On Monday evening I presented my poster in the ESO2 symposium, a two-hour long poster session from 8pm to 10pm! The number of people attending the session was massive so I had the opportunity to discuss my work with many researchers and establish research collaborations with other groups. In addition, on Wednesday evening I also attended the second poster session of the same symposium where I met other researchers working in a variety of fields.

Miriam during the poster session and views from the conference building

Even though I spent most of the week attending the ESO2 symposium (about solar fuels) I also attended a few sessions of the ESO3 symposium: ‘Earth abundant Metal Oxides, Sulfides and Selenides for Energy systems and devices’. This symposium was more focused on the synthesis and features of the materials.
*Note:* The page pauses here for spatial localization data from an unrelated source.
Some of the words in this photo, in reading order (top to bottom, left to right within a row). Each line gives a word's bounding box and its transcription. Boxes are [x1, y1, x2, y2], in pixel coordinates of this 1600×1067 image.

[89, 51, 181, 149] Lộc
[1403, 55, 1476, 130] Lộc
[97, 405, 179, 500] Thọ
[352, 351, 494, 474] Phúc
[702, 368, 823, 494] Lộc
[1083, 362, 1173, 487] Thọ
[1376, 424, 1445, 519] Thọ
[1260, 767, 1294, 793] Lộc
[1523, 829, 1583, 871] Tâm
This is extremely important for energy applications, especially water splitting, since different morphologies and compositions can change a lot the final performance and efficiency of the photocatalyst.
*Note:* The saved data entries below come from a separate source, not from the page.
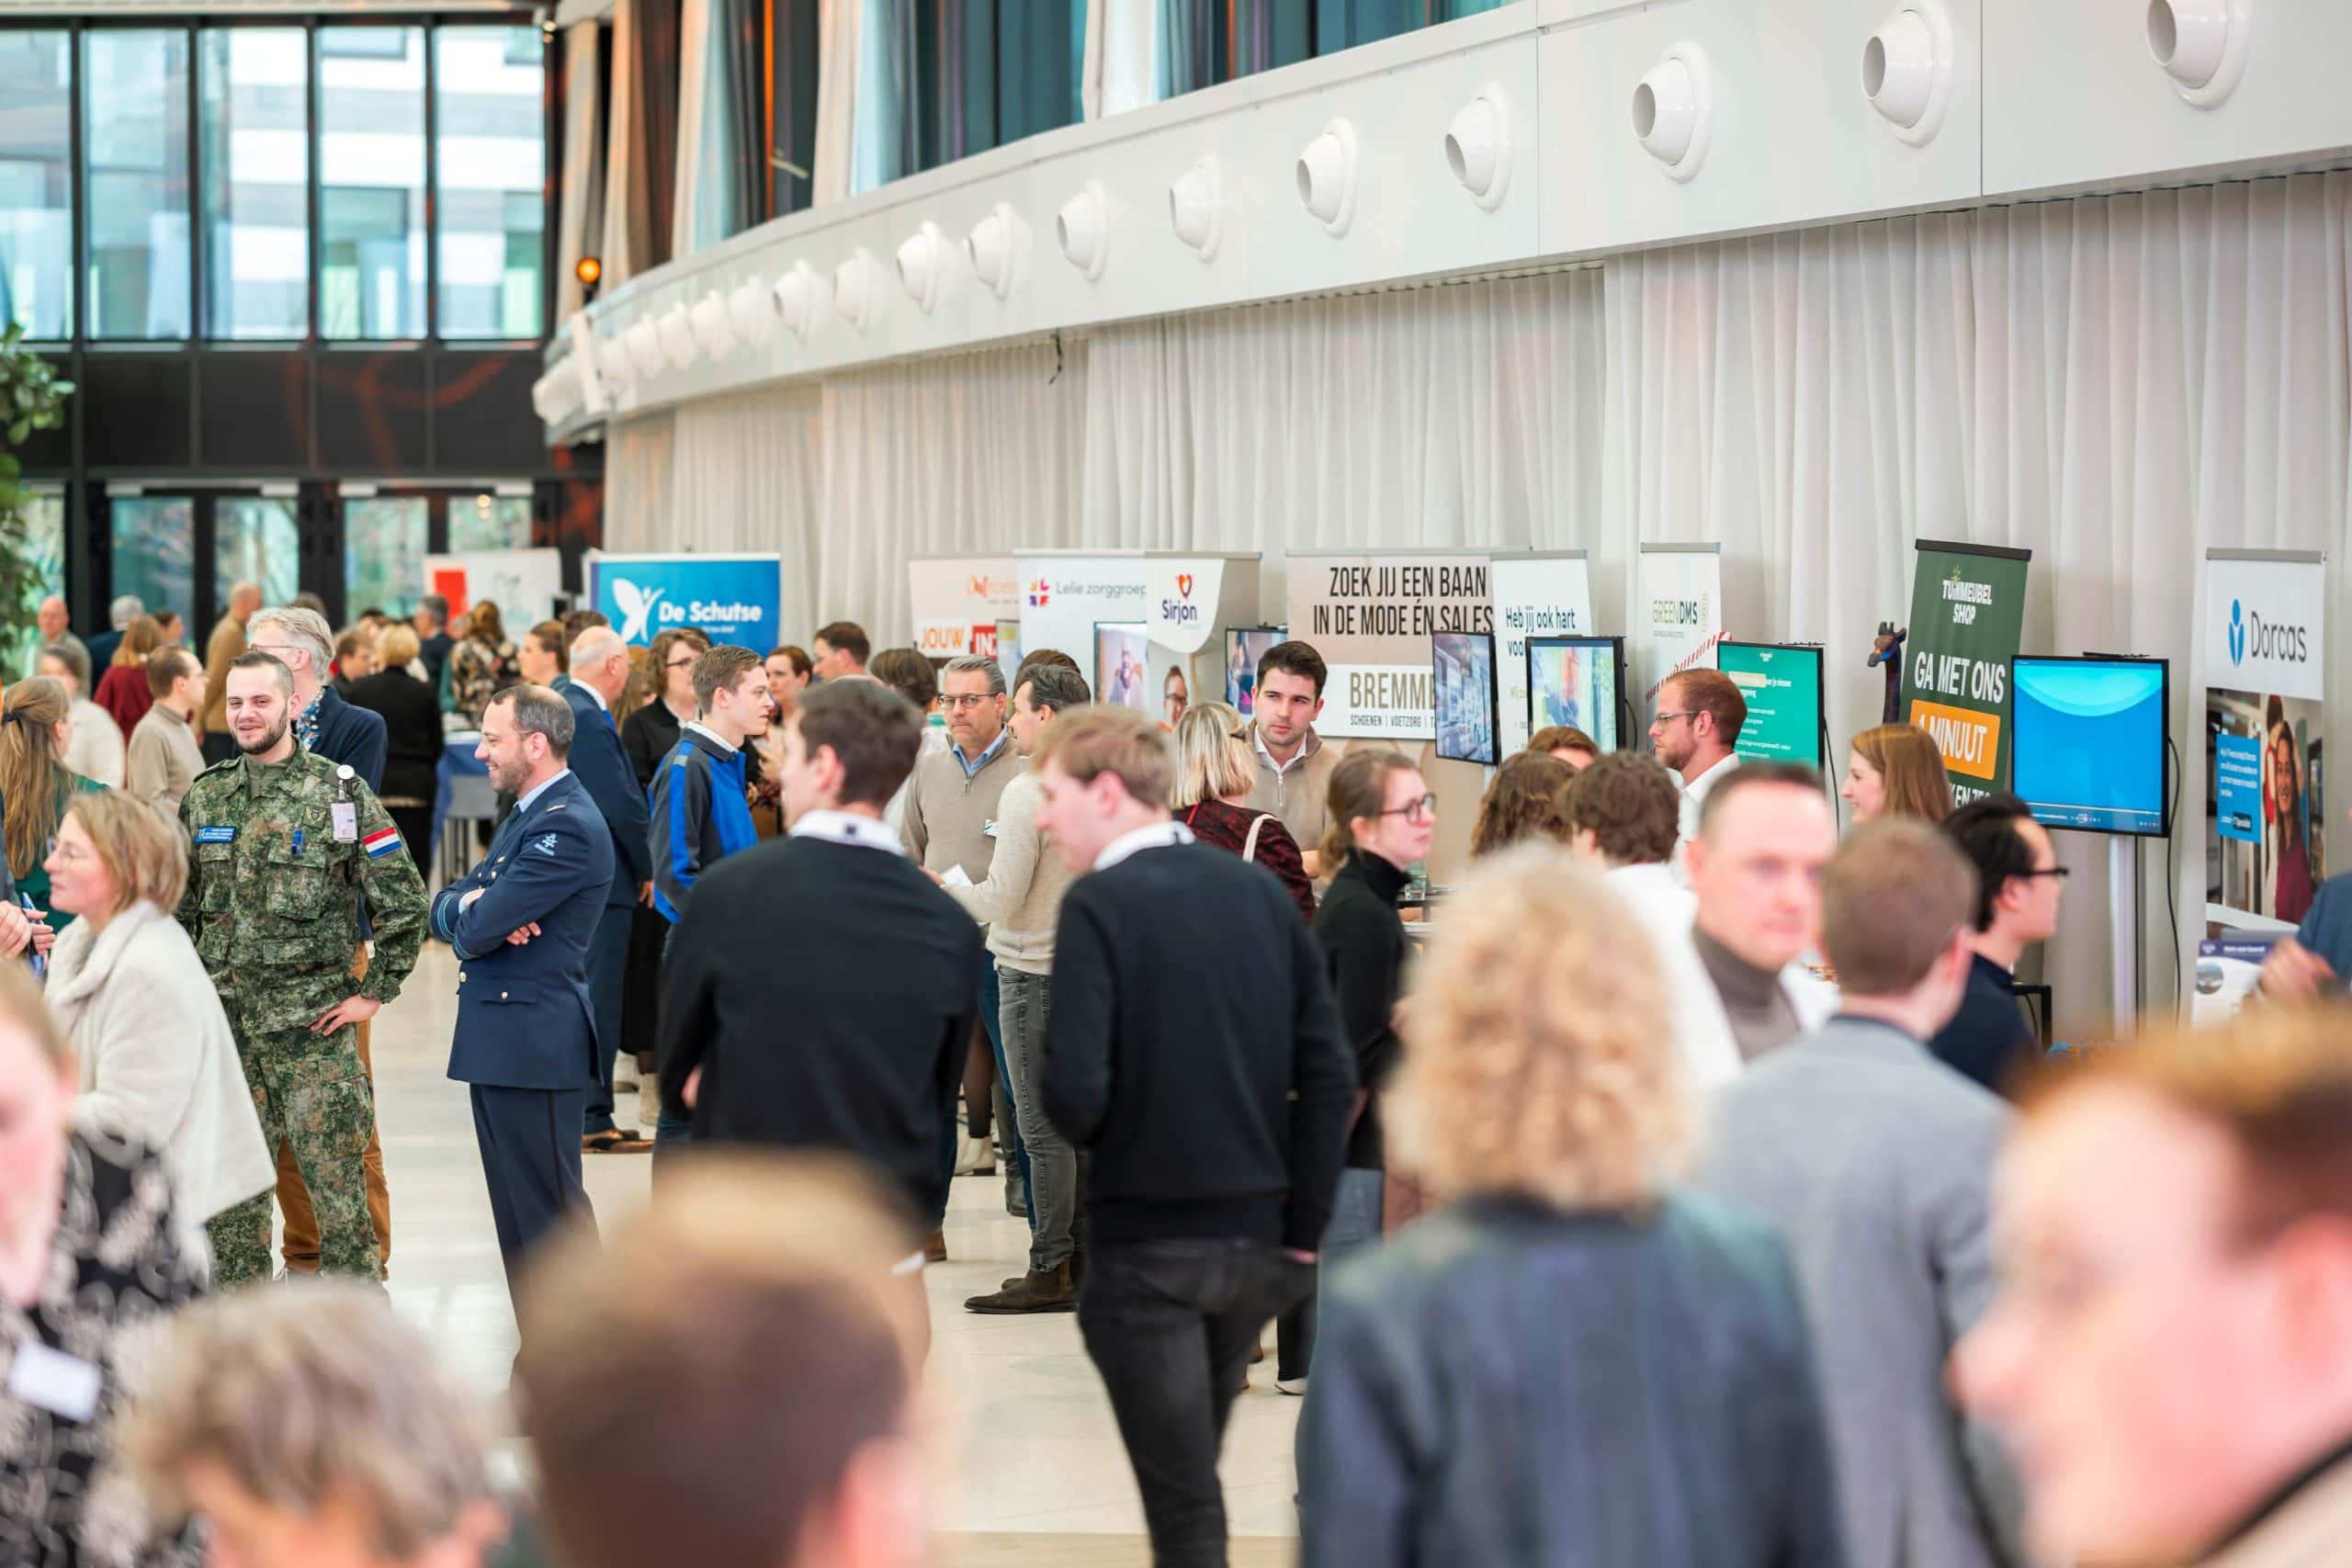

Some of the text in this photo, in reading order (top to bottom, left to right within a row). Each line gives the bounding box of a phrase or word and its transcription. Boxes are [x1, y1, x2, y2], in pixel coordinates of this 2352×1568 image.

[1057, 581, 1147, 600] Lelie zorggroep
[1329, 566, 1486, 597] ZOEK JIJ EEN BAAN
[659, 600, 763, 623] De Schutse
[1161, 600, 1198, 626] Sirjon
[1314, 599, 1494, 636] IN DE MODE ÉN SALES
[1505, 605, 1577, 633] Heb jij ook hart
[1952, 603, 1977, 626] SHOP
[920, 626, 998, 659] JOUW IN
[1507, 640, 1525, 657] voo
[2250, 610, 2307, 663] Dorcas
[1914, 650, 2007, 705] GA MET ONS
[1350, 714, 1383, 727] SCHOENEN
[1928, 714, 1989, 765] MINUUT
During the conference I also attended other sessions, such as the ‘International Summit of MRS University Chapters on Sustainability and Nanotechnology’. These sessions covered key sustainability topics in a broad manner. For instance, one session covered the background of water splitting and the key topics that need to be tackled to bring this technology into the real market.  Two great speakers of this session were Professor Hicham Idriss from Saudi Arabia and Professor Lionel Vayssieres from China. Professor Idriss gave an overview of advantages and disadvantages that a large scale photoelectrochemical reactor has. On the other hand, Professor Vayssieres highlighted his main research topics and key publications dealing with metal oxides and water splitting.

Furthermore, being in Boston for a week also gave me the opportunity to visit the Massachusetts Institute of Technology (MIT) campus and the MIT museum. The MIT museum was really interesting! It had several exhibitions: Robots and Beyond, Big Bang Data and Holography: Dimensions of light. The Holography exhibition was of particular interest since you could get an insight of how the eyes, brain and light play a key role to create a 3D image.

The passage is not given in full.